Rocketman is unlike any other celebrity biopic in recent years is what I'm saying here. Its closest relative that I can think of off the top of my head is maybe All That Jazz, Bob Fosse's kind of, sort of autobiographical film. Both films play with magic realism and fantasy to tell their story, both are more concerned with the emotional truth than the factual the truth. And here I go, getting all pretentious. Look, Rocketman took my breath away, made me laugh out loud, and made me cry manly tears.
Rocketman is also unflinching. Unlike other biopics that present some of their subjects with halos and minimizes their faults and attempts to mainstream their life, Rocketman presents its subject as selfish and as a narcissist. As self-obsessed, as full of self-hatred. As trying to push everyone away while still demanding their love. But somehow, against all odds, against all logic, the audience still falls in love with Sir Elton Hercules John, still falls in love with Reginald Dwight. Maybe it's seeing all of his flaws on full display, seeing this legendary larger-than-all-of-life, actual-to-goodness genius as an actual human being, maybe that's the magic.
Rocketman is also a love letter to the friendship and creative partnership of Elton John and Bernie Taupin. The great love story in Rocketman is their platonic love story. For over 50 years these two have produced a body of work that rivals any of the great songwriting partnerships of the last century. Together they have created songs that are in our very DNA. They've always had each other backs and they've never turned on each other. There's a beautiful moment in Rocketman that frames Your Song as Bernie's words to Elton, Elton's music to Bernie. It really is stunning and beautiful. A friendship like their's is rare and Rocketman gives it all the respect and honour it deserves. Taron Egerton, as Elton John, and Jamie Bell, as Bernie Taupin, bring a realness, a naturalism, to their roles that gives this friendship life, that gives it roots.

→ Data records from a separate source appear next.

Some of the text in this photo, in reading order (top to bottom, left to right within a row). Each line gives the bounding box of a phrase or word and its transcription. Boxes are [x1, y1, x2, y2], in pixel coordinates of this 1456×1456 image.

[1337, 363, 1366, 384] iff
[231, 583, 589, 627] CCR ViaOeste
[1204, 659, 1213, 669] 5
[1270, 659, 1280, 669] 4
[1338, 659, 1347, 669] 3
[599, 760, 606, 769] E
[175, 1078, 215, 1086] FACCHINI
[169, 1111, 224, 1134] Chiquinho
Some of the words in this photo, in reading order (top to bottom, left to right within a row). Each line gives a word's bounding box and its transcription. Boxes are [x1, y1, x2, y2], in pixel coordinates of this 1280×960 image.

Every performance in Rocketman is perfection. And then there's the voices. Taron Egerton, the kid from the Kingsman movies, does all of his own singing. What a voice. Soulful, powerful, with a range nearly as broad as the man he's playing. I'm so glad he went the Joaquin Phoenix route. It frees up the performance, makes it more his. Instead of trying to imitate Elton John, it allows Mr. Egerton to create a character and inhabit that character.

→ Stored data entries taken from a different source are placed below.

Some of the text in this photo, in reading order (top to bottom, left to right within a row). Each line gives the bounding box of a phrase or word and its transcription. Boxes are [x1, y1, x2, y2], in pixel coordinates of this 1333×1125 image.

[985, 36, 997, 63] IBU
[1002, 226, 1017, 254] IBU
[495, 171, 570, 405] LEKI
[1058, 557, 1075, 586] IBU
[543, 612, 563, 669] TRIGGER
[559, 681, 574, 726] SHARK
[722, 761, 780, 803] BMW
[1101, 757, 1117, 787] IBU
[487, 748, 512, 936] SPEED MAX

There are so many things to praise about Rocketman. So many of Elton John's ridiculous and over the top costumes are recreated perfectly, as are the almost as ridiculous fashions of the era. The camera work and the cinematography in this movie are all top shelf. Dexter Fletcher and his team seamlessly move Rocketman from realistic dialogue scenes to surreal musical numbers, sometimes without the audience noticing. A conversation happens, Elton sings a couple of lines and then boom goes the dynamite and the camera is flying around and people are dancing and it's all quite incredible.
And that brings me to Rocketman's secret weapon. The imagination of its director, Dexter Fletcher. Letting him unleash his and his team's imagination on this project was just about the best decision the film's producers had. I've never enjoyed a musical as much as I enjoyed this one. To be honest, I've never really enjoyed musicals. Until now. But Rocketman, Rocketman is a hell of a gateway drug. Now I get it.